Every entry is to be written out word for word.

====== Materials provided

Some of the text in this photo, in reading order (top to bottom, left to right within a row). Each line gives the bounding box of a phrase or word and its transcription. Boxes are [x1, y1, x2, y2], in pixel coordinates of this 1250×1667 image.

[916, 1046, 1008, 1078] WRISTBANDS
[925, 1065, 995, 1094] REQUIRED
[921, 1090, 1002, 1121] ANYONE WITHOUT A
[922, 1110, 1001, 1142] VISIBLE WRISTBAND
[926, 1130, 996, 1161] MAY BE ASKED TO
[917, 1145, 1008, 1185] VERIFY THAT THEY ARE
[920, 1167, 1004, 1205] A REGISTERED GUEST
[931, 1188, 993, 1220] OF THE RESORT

============

### Task answer
Some of the text in this photo, in reading order (top to bottom, left to right within a row). Each line gives the bounding box of a phrase or word and its transcription. Boxes are [x1, y1, x2, y2], in pixel coordinates of this 1250×1667 image.

[916, 1046, 1008, 1078] WRISTBANDS
[925, 1065, 995, 1094] REQUIRED
[921, 1090, 1002, 1121] ANYONE WITHOUT A
[922, 1110, 1001, 1142] VISIBLE WRISTBAND
[926, 1130, 996, 1161] MAY BE ASKED TO
[917, 1145, 1008, 1185] VERIFY THAT THEY ARE
[920, 1167, 1004, 1205] A REGISTERED GUEST
[931, 1188, 993, 1220] OF THE RESORT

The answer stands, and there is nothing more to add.